Jika saya membalik cara memandang cerita, maka semestinya judul film ini adalah Dear Laras. Kenapa demikian? Karena sejak awal film ini memang untuk mendorong Laras saja.
Laras lebih memiliki kekuatan ketibang David sendiri yang terlihat susah payah membangun karakternya.
Bahkan naskah yang ditangani Winnie Benjamin dan Daud Sumolang pergerakannya cukup lamban. Jkka cerita remaja ini seputar percintaan dan persahabatan maka akan nada kemunafikan, hal yang mendasar.
Jika ada kemunafikan biasanya akan berwujud sebuah penghianatan sikap dan hati. Untuk itu kenapa kedua penulis Dear David tidak punya keberanian membakar emosinya.
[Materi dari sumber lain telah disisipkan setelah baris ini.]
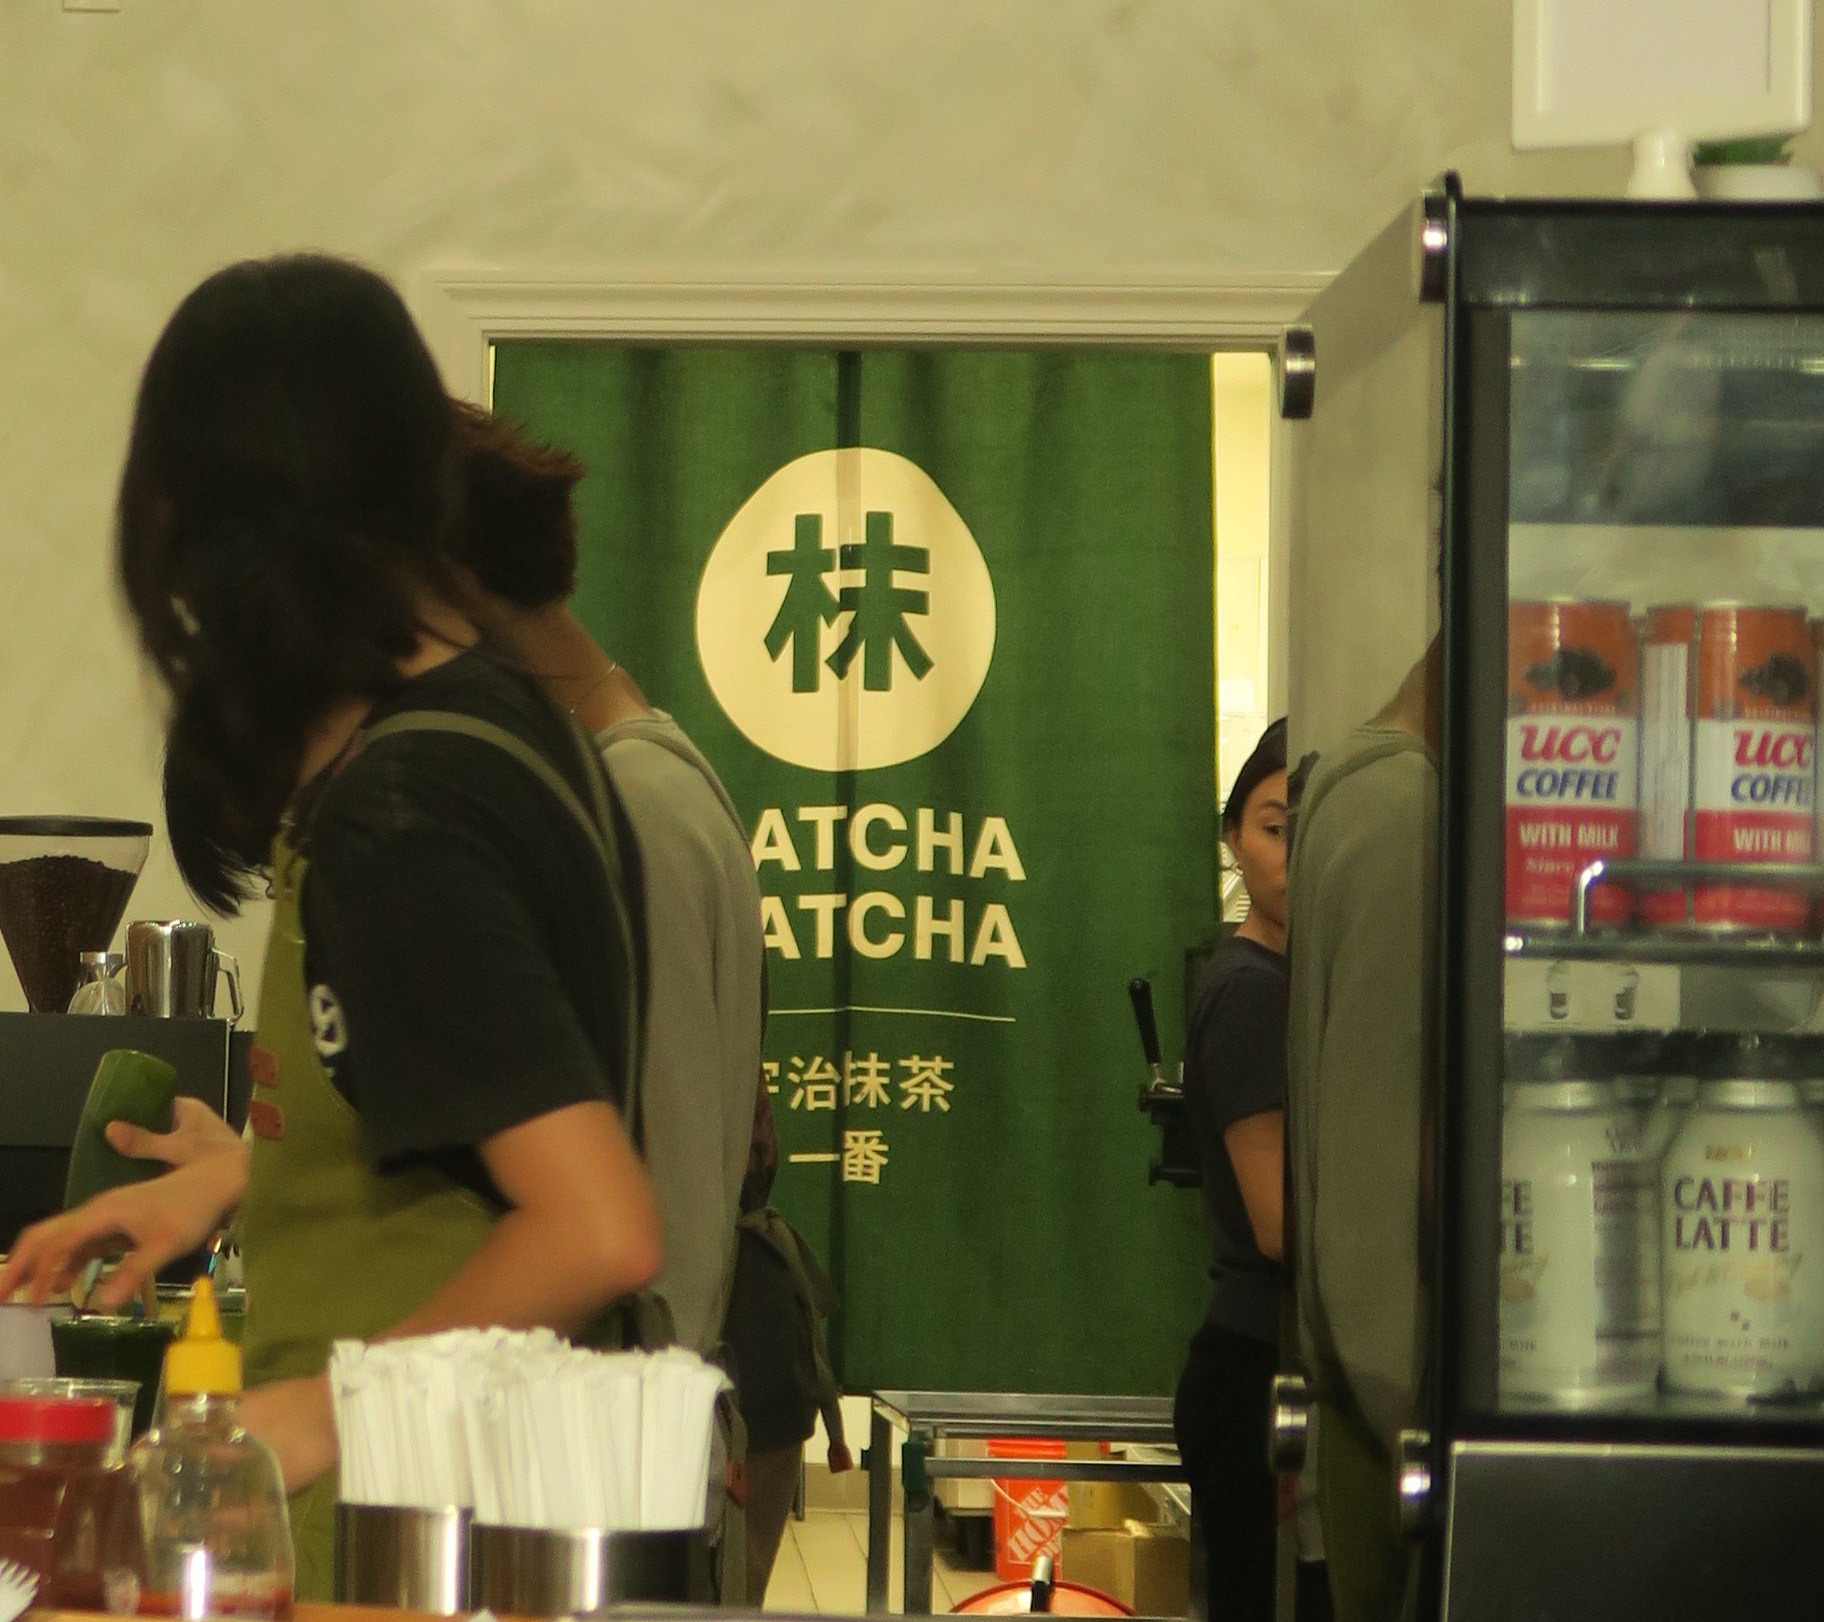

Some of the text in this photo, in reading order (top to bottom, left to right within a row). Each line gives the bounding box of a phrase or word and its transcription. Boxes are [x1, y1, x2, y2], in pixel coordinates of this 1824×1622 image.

Tidak serta merta sebuah kekhilafan manusawi harus dengan cepat di eksekusi permintaan maaaf dan rasa sesal. Namun konflik yang bertenaga juga perlu di sematkan agar warna film ini kian cerah dengan cerita dan karakter.
Ada yang sedikit menggelitik, dalam dialog kepala sekolah dengan Laras dikatakan ia adalah siswa dengan beasiswa atas prestasinya. Pertanyaannya apa prestasi Laras di sekolah??